No matter what route you decide to take, starting off with some basic python tutorials is always a good idea. This will help you get a feel for the syntax and structure of the language before you start diving into more complex topics. Once you have a solid understanding of the basics, you can then start exploring python's many powerful features.
If you're ready to get started learning Python, there are plenty of great resources available to help you on your journey. Just remember to take things at your own pace, and don't be afraid to ask for help when you need it. With a little bit of effort, you'll be writing python code in no time.
Certstaffix Training offers Python eLearning and live instructor-led classes. Browse our Python training courses or contact us today to learn more.

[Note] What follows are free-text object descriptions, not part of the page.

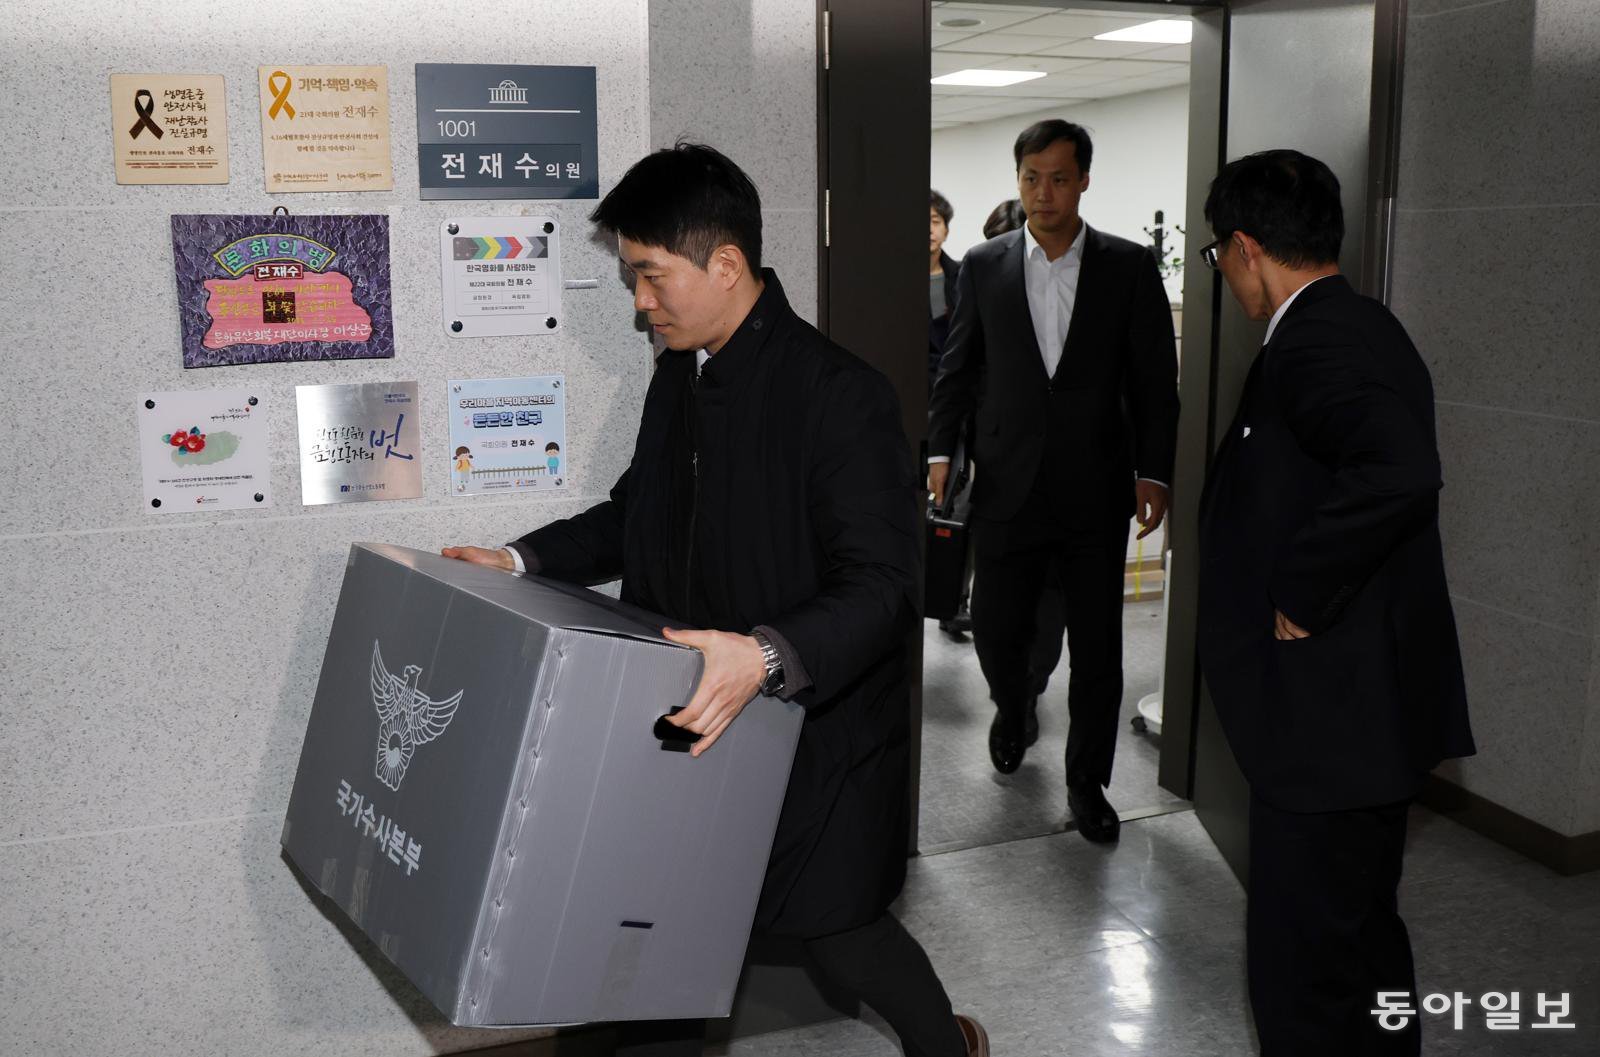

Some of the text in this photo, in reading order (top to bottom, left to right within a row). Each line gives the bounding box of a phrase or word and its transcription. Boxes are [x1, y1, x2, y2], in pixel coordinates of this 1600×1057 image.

[163, 101, 207, 113] 안전사회
[342, 105, 379, 118] 전재수
[437, 120, 476, 137] 1001
[187, 145, 215, 155] 전재수
[441, 152, 581, 179] 전재수 의원
[257, 267, 300, 278] 전재수
[466, 263, 536, 273] 한국영화를 사랑하는
[333, 323, 372, 337] 이상근
[473, 410, 542, 428] 든든한 친구
[370, 413, 413, 459] 벗
[512, 440, 535, 448] 전재수
[336, 778, 422, 876] 국가수사본부

A: Python is a versatile language that you can use for a wide variety of tasks. Whether you're a web developer, data analyst, artificial intelligence engineer, or anything in between, there's a good chance that Python can help you get the job done.
But what are the most important Python skills to have? Here are five of the most important Python skills that you should focus on honing:
1. Web Development - If you want to be a web developer, then you need to know how to use Python. Python is a popular language for web development, thanks to its ease of use and robust libraries. With Python, you can create everything from simple websites to complex web applications.
2. Data Analysis - Python is also a great language for data analysis. With its powerful libraries, Python makes it easy to work with large datasets and perform complex statistical analyses. If you want to be a data analyst, then you need to be proficient in Python.
3. Artificial Intelligence - Artificial intelligence is one of the hottest fields in tech right now, and Python is a great language for AI development. Python's libraries make it easy to work with data and build complex algorithms. If you want to be an AI engineer, then you need to know Python.
4. Scripting - Python is also a great language for scripting. With Python, you can automate tasks and create small programs to make your life easier. If you're a sysadmin or developer, then you need to know how to use Python for scripting.
5. Machine Learning - Machine learning is another hot area in tech, and Python is one of the best languages for machine learning development. With its powerful libraries and ease of use, Python makes it easy to build complex machine learning models. If you want to be a machine learning engineer, then you need to know Python.
These are just five of the most important Python skills that you should focus on honing. If you want to be a successful Python programmer, then you need to be proficient in all of these areas. So start learning Python today and master these essential skills.